[Start of Attachment]

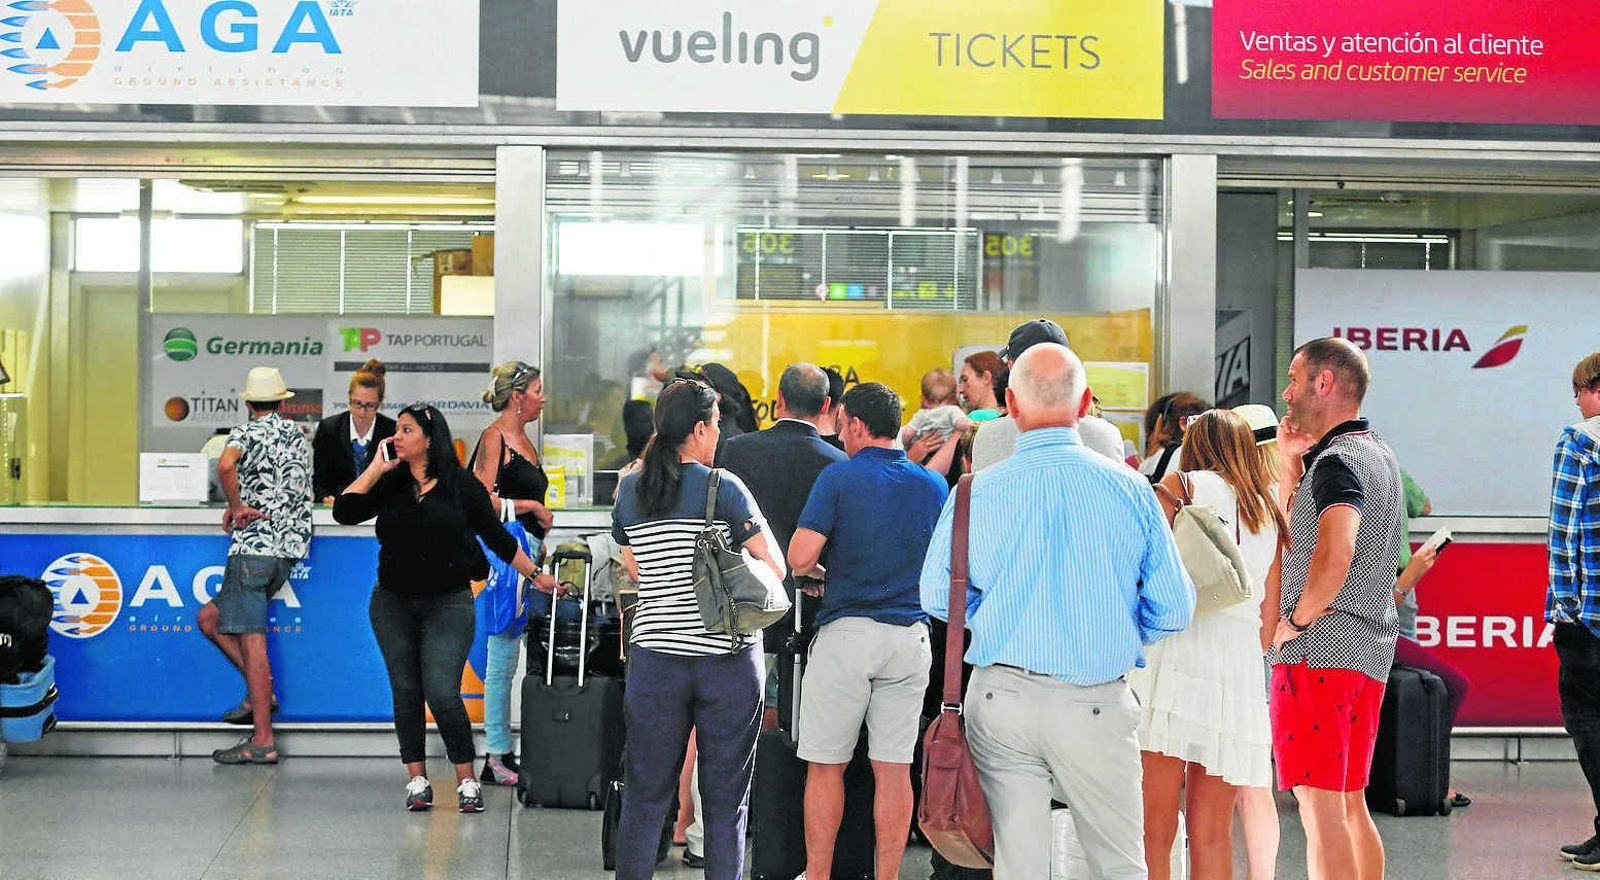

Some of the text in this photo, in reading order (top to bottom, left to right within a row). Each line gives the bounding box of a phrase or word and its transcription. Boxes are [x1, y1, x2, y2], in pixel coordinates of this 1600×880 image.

[114, 0, 343, 53] AGA
[618, 11, 821, 82] vueling
[929, 32, 1101, 70] TICKETS
[1239, 30, 1545, 58] Ventas y atención al cliente
[114, 77, 198, 86] GROUND
[1239, 59, 1528, 84] Sales and customer service
[206, 336, 324, 356] Germania
[190, 397, 239, 413] TITAN

[End of Attachment]

Give the records again exactly, without pictures.

◆ SOLUTION TO THE PROBLEM:
Some of the text in this photo, in reading order (top to bottom, left to right within a row). Each line gives the bounding box of a phrase or word and its transcription. Boxes are [x1, y1, x2, y2], in pixel coordinates of this 1600×880 image.

[114, 0, 343, 53] AGA
[618, 11, 821, 82] vueling
[929, 32, 1101, 70] TICKETS
[1239, 30, 1545, 58] Ventas y atención al cliente
[114, 77, 198, 86] GROUND
[1239, 59, 1528, 84] Sales and customer service
[206, 336, 324, 356] Germania
[190, 397, 239, 413] TITAN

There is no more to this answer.